→ **PROVIDED RECORDS**
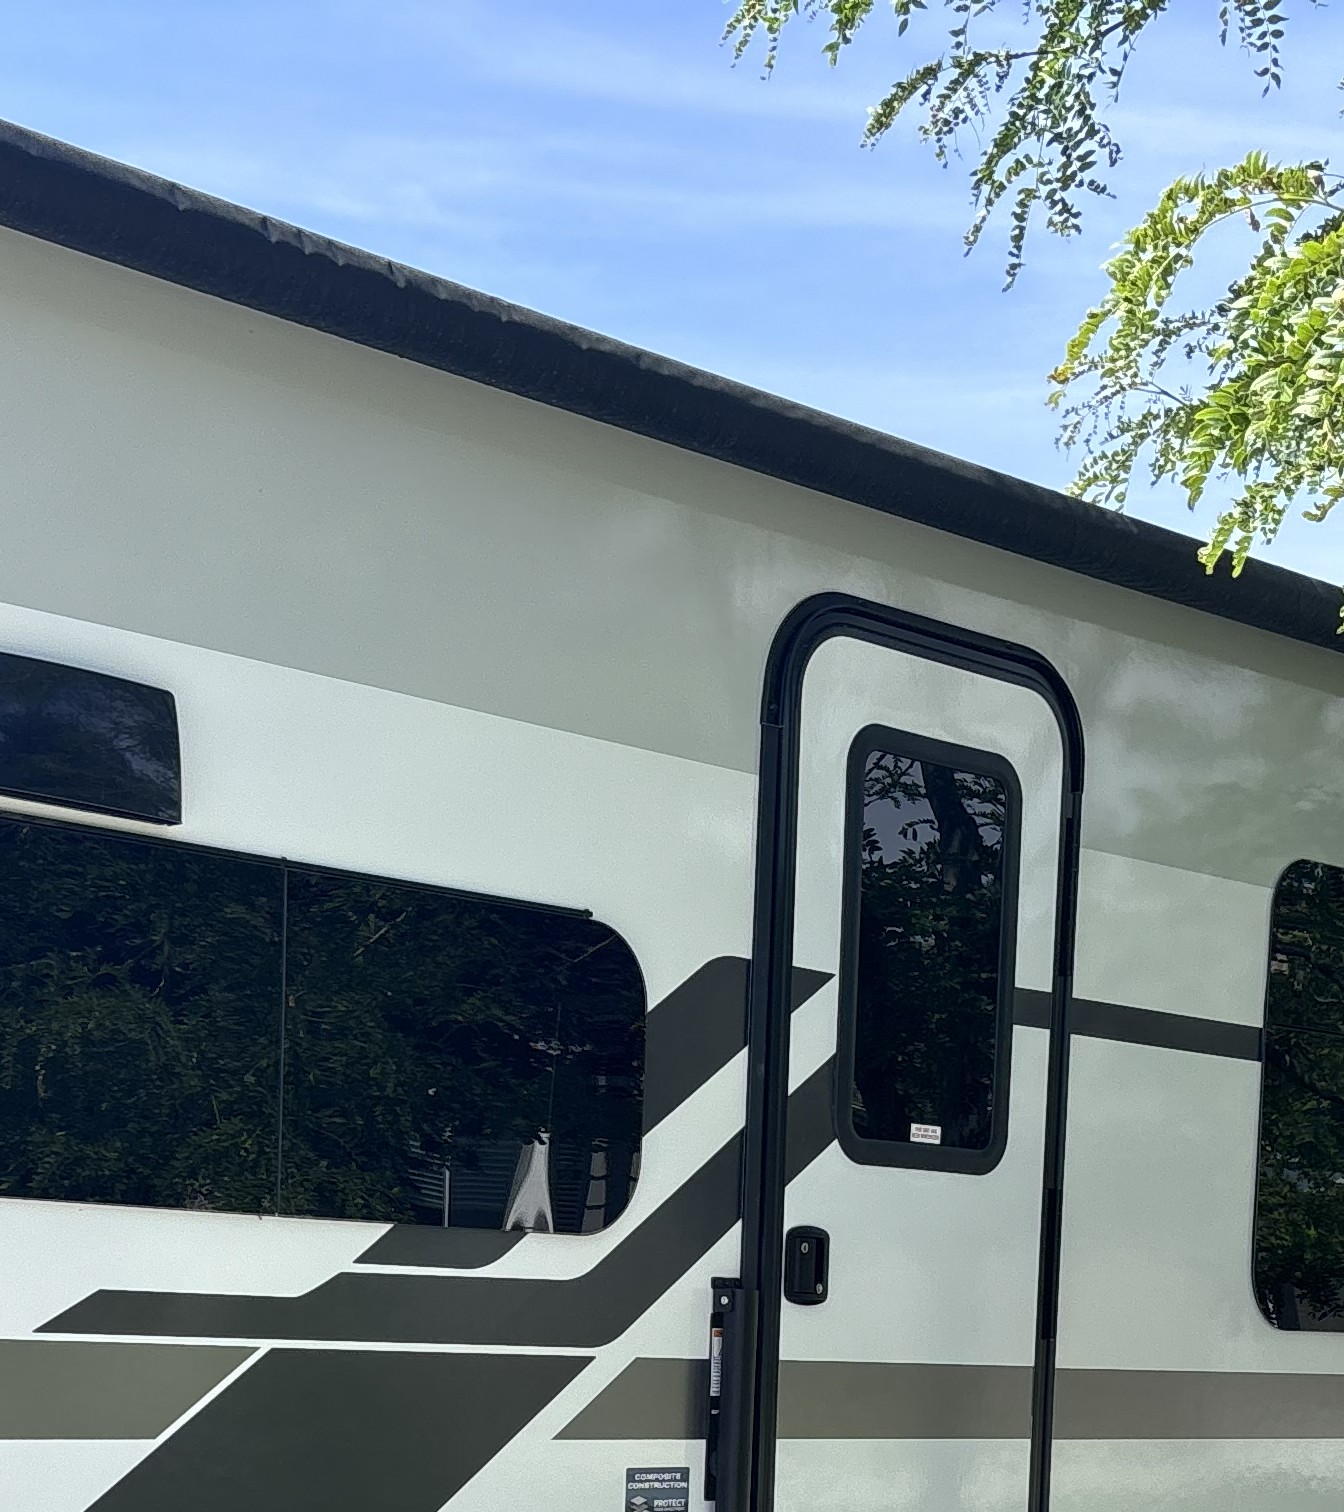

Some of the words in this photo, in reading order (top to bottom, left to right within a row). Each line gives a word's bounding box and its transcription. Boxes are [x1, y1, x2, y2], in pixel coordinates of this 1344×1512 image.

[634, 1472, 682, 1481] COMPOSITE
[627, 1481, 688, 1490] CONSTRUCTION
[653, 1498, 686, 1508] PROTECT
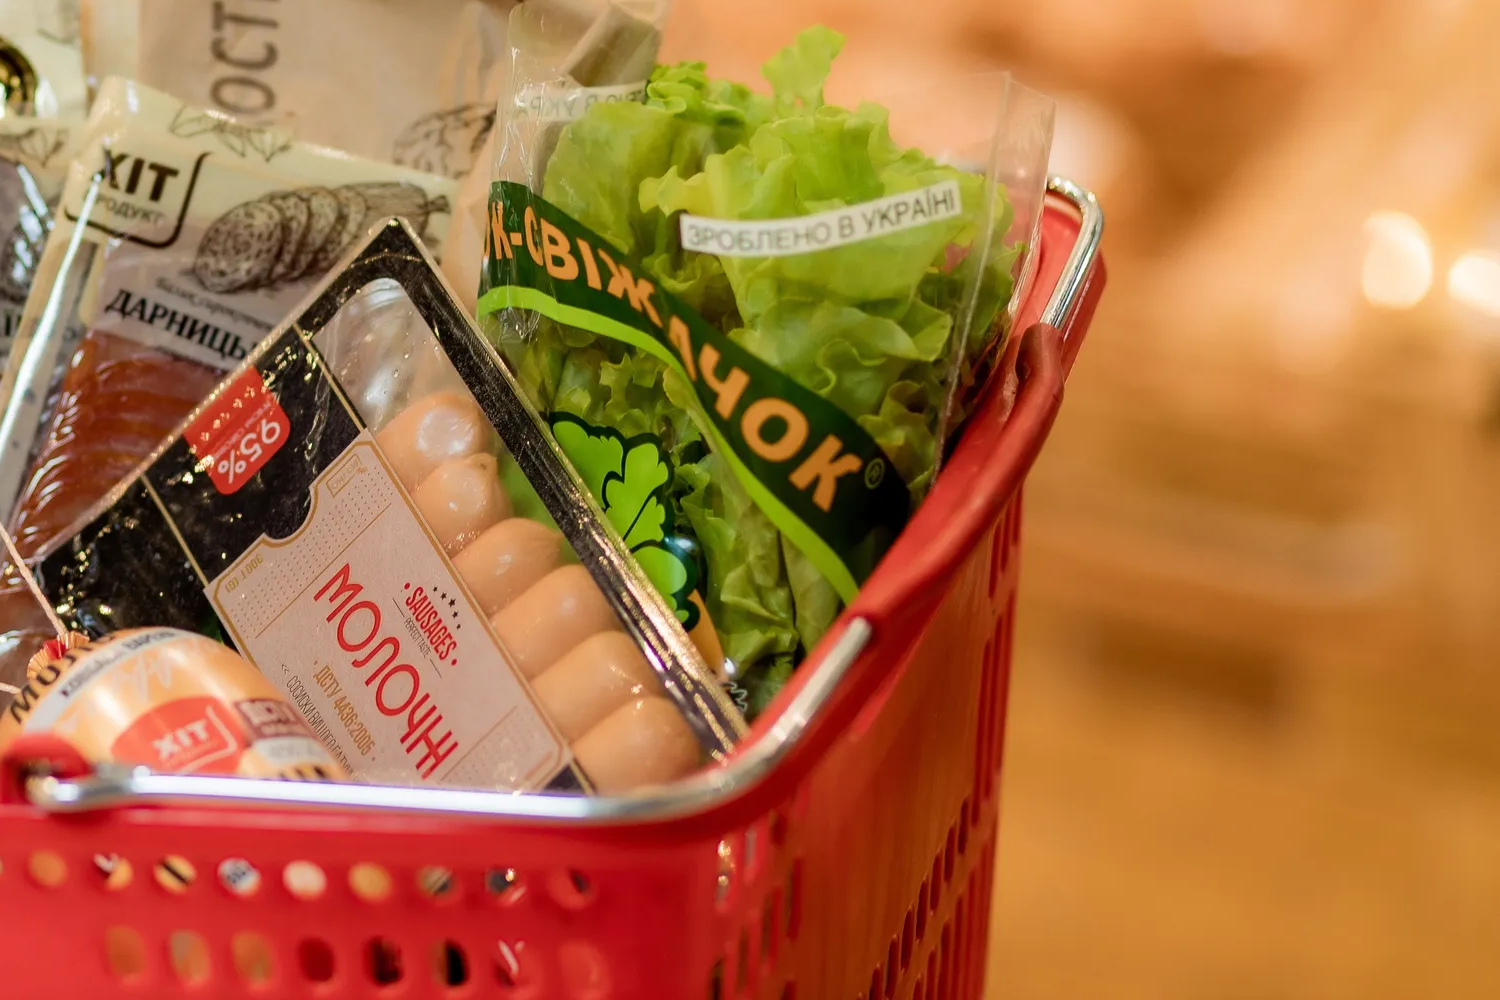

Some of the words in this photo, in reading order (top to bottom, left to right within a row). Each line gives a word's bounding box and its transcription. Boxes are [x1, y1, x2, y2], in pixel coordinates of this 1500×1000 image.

---

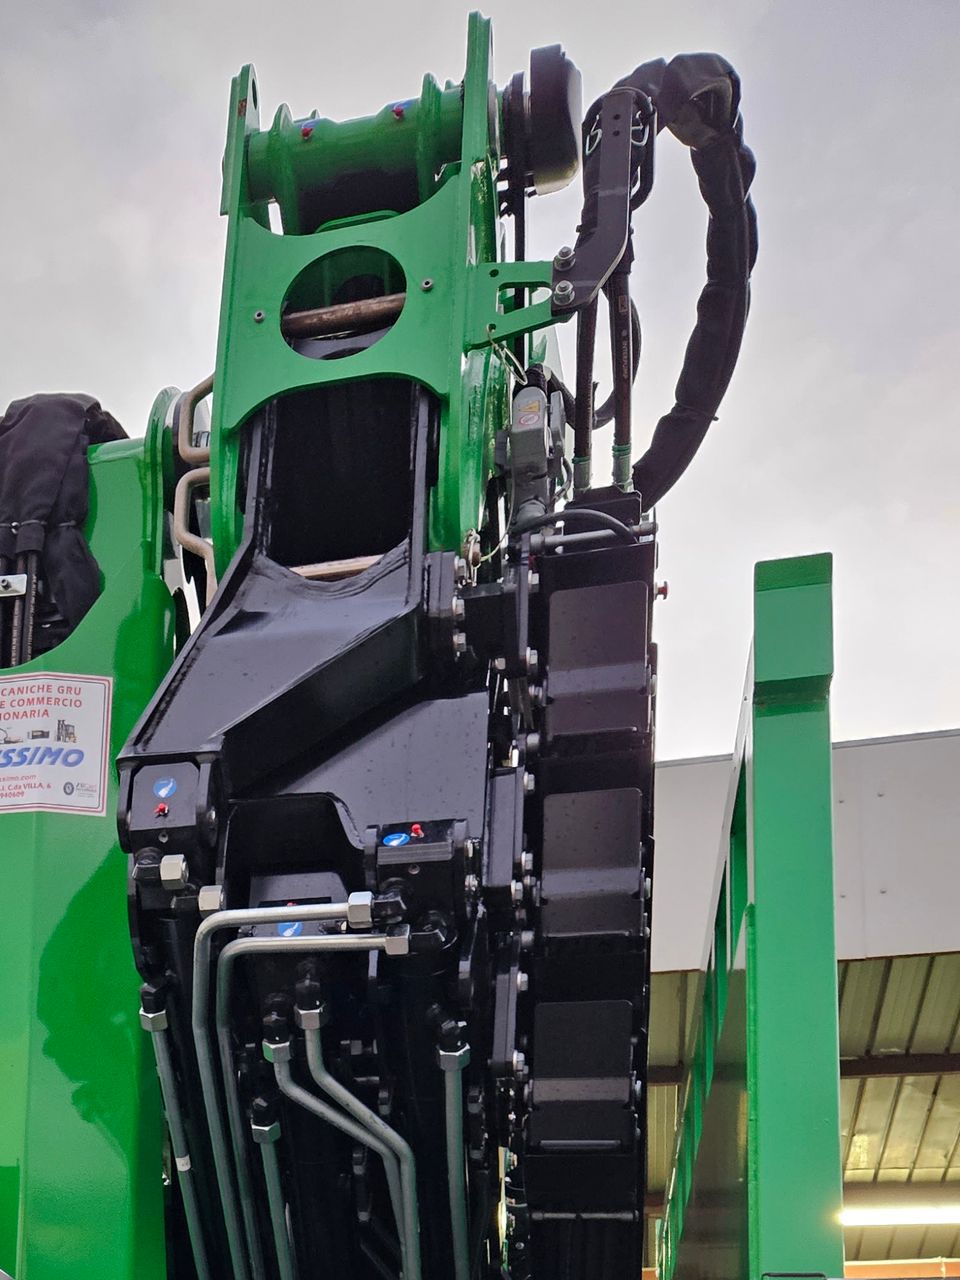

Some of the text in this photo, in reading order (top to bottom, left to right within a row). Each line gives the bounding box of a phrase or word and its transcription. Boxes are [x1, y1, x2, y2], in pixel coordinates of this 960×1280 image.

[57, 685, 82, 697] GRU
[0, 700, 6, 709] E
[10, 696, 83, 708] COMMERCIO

→ **DIRECTIONS FOR THIS TASK**
Beginning with the line above that contains "this 1344×1512 image." and ending with the line that contains "this 1500×1000 image.", quote each line exactly, keeping out the pictures.

→ **RESPONSE AREA**
Some of the words in this photo, in reading order (top to bottom, left to right within a row). Each line gives a word's bounding box and its transcription. Boxes are [x1, y1, x2, y2], in pixel coordinates of this 1344×1512 image.

[634, 1472, 682, 1481] COMPOSITE
[627, 1481, 688, 1490] CONSTRUCTION
[653, 1498, 686, 1508] PROTECT

Some of the words in this photo, in reading order (top to bottom, left to right within a row). Each line gives a word's bounding box and its transcription. Boxes are [x1, y1, x2, y2], in pixel coordinates of this 1500×1000 image.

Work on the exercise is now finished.